I congratulate my hon. Friend Mr. Cash on the case he has presented. As someone who is totally committed to the integrity, independence and authority of the House, often against the Executive of the day and certainly against the unelected bureaucracy in Brussels, I fervently believe that this clause will be hugely damaging to the House. I follow entirely my hon. Friend's case. He has quoted with knowledge historical precedent, and I believe he is right. I only wish that more Members had been present tonight to listen to a speech that is of critical importance to the future of the authority of the House.

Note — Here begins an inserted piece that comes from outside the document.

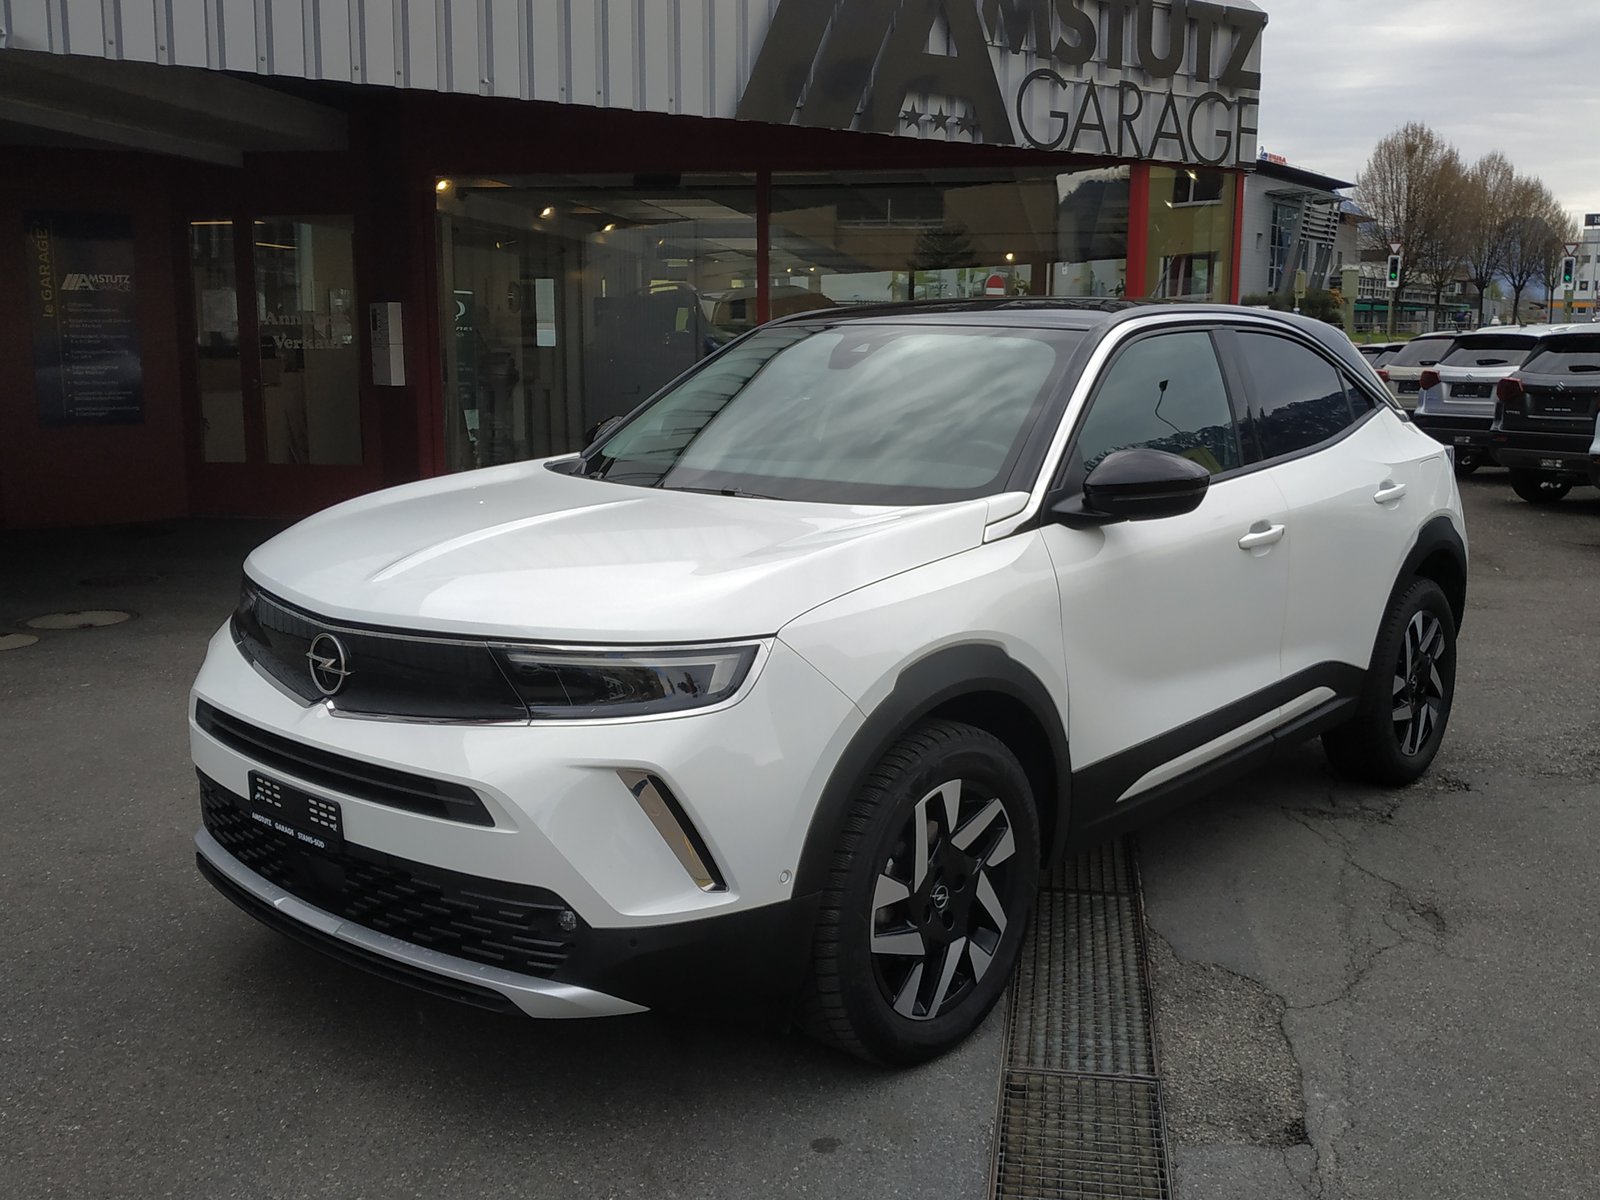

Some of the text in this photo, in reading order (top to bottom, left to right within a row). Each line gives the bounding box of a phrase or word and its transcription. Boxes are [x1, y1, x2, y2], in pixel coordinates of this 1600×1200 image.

[1016, 68, 1259, 168] GARAGE
[36, 228, 54, 318] le GARAGE
[75, 273, 131, 291] AMSTUTZ
[275, 823, 294, 836] GARAGE

My main purpose, however, is to support the brave and thoughtful, but very brief, contribution of Ms Stuart. I remind Members that the hon. Lady represented the House on the constitutional Convention. She is well aware that the Lisbon treaty is in substance precisely the same as the proposed constitution that was defeated in the Netherlands and France. She has stated tonight, with conviction and knowledge, that if we move towards an increase in qualified majority voting and pass dozens of additional competences to the EU, this House will become part of a federal structure; I might be paraphrasing her exact words, but that is what she stated would be the case. To pass a huge number of competences in areas of critical importance would be extremely damaging not only to this House but, more importantly, to the people of our country, who are represented by the Members of this House. I do not believe that they consider it appropriate for the House to pass to the European Union authority over areas that are of such critical importance.
Does my hon. Friend agree that more Labour Members should be emboldened to take the principled stand of Ms Stuart? As the Prime Minister has said that he wants full parliamentary scrutiny, he should support amendment No. 20, because given that the treaty can amend itself, all the amendment does is support his wish for proper parliamentary scrutiny of the treaty.

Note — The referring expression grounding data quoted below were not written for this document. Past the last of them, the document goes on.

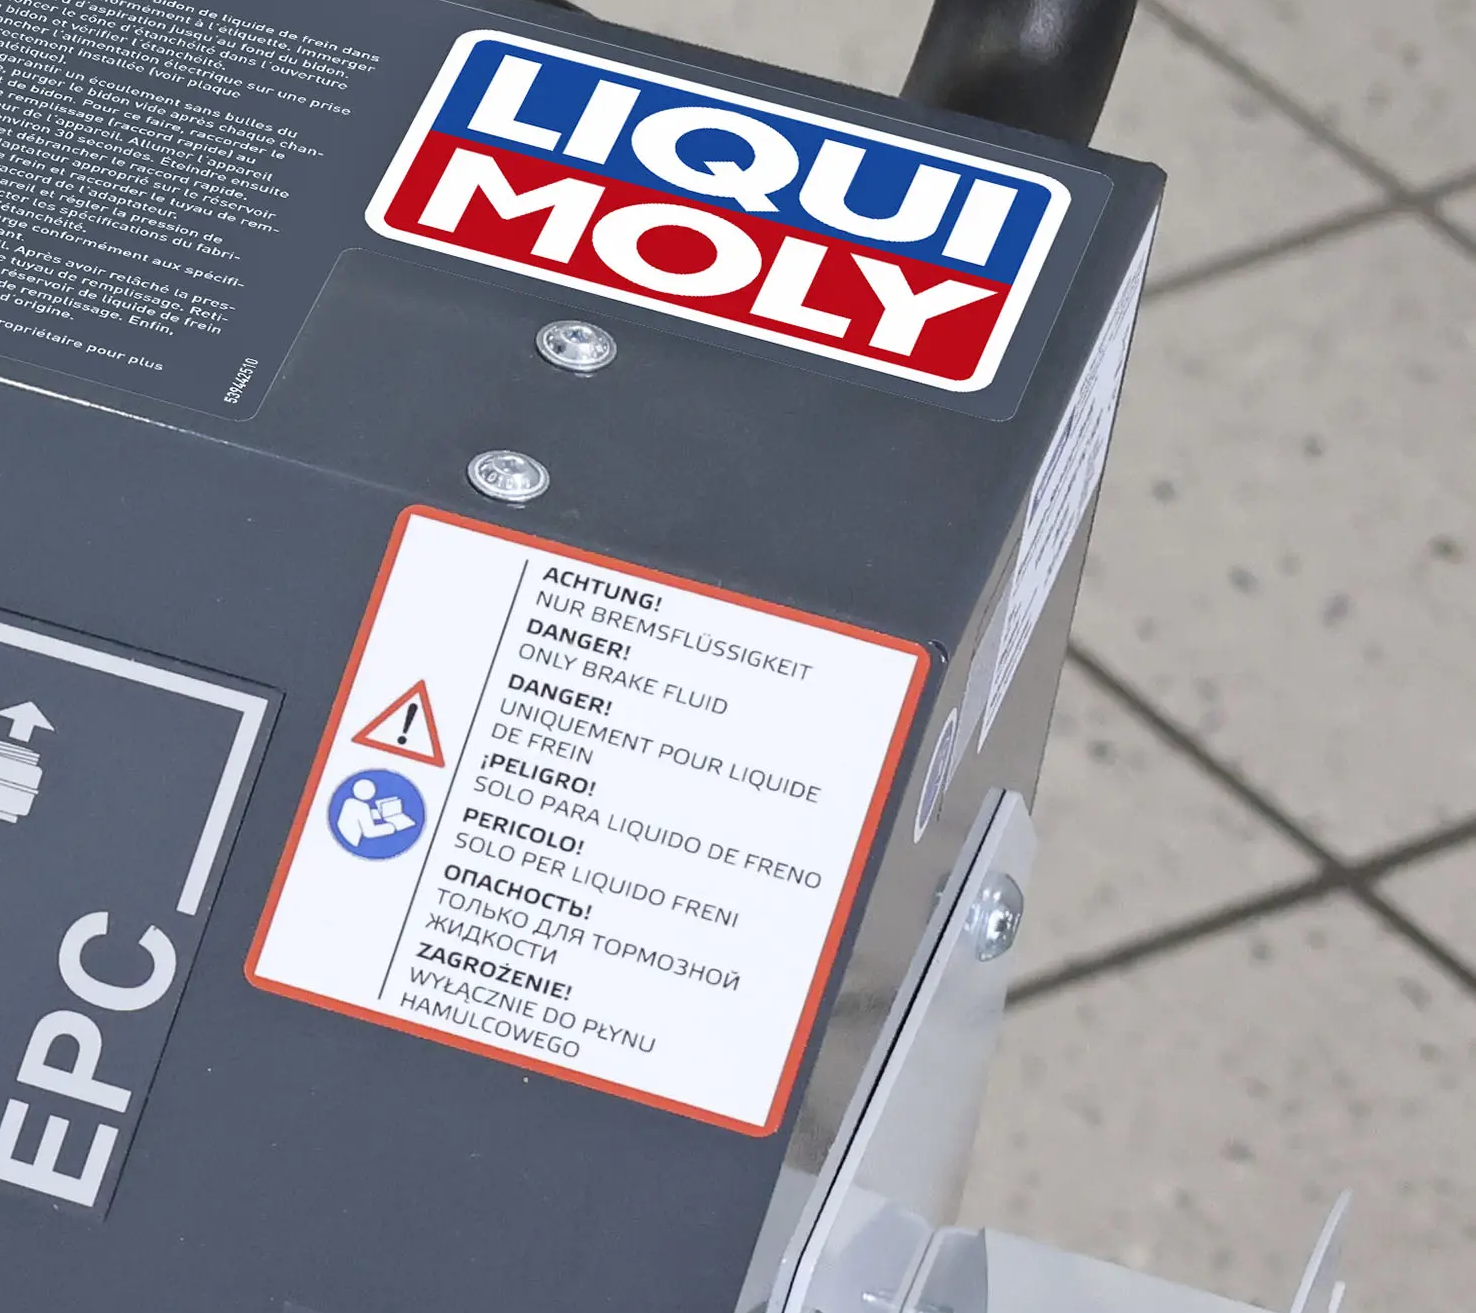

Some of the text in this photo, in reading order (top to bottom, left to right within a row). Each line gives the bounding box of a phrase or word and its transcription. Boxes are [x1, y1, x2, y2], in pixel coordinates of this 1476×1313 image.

[198, 9, 218, 20] de
[221, 13, 275, 35] liquide
[278, 30, 299, 41] de
[301, 35, 338, 52] frein
[341, 46, 381, 63] dans
[148, 66, 186, 83] (voir
[186, 78, 242, 99] plaque
[6, 79, 27, 91] de
[29, 84, 76, 105] bidon.
[81, 98, 121, 115] Pour
[123, 111, 142, 121] ce
[145, 115, 185, 135] faire,
[189, 129, 268, 154] raccorder
[270, 149, 286, 160] le
[466, 54, 1019, 266] LIQUI
[417, 147, 998, 357] MOLY
[85, 344, 126, 360] pour
[127, 356, 164, 371] plus
[224, 357, 259, 404] 539442510
[542, 566, 663, 613] ACHTUNG!
[526, 618, 632, 661] DANGER!
[535, 590, 813, 680] NUR BREMSFLÜSSIGKEIT
[507, 673, 613, 717] DANGER!
[518, 643, 728, 715] ONLY BRAKE FLUID
[491, 722, 594, 765] DE FREIN
[500, 697, 822, 804] UNIQUEMENT POUR LIQUIDE
[480, 752, 597, 797] ¡PELIGRO!
[462, 807, 585, 856] PERICOLO!
[473, 775, 822, 889] SOLO PARA LIQUIDO DE FRENO
[443, 864, 593, 920] ОПАСНОСТЬ!
[454, 832, 739, 928] SOLO PER LIQUIDO FRENI
[425, 913, 558, 965] ЖИДКОСТИ
[437, 887, 741, 991] ТОЛЬКО ДЛЯ ТОРМОЗНОЙ
[415, 941, 573, 1001] ZAGROŻENIE!
[400, 992, 580, 1058] HAMULCOWEGO
[410, 966, 656, 1053] WYŁĄCZNIE DO PŁYNU

Perhaps I am a kind man. I believe that after a good many years in this place one perhaps moderates some of one's views and considers most Members of this House with respect, regardless of the side on which they sit. I am pleased that I have many friends on both sides of the House, because that is what Parliament is all about. Unfortunately, Parliament is reaching a situation whereby people believe in and perhaps even speak in support of something but too few of them vote in the Lobby in support of their words.
The Government's main argument on the passerelle clauses, with which the amendments are concerned, seems to be that they are all very technical, and therefore not that interesting, and will not be used in any case. Is that not the classic tactic that has been used over the entire 50 years of the European project to disguise major constitutional change and prevent it from being properly scrutinised by the people whose rights are being removed by proposed changes?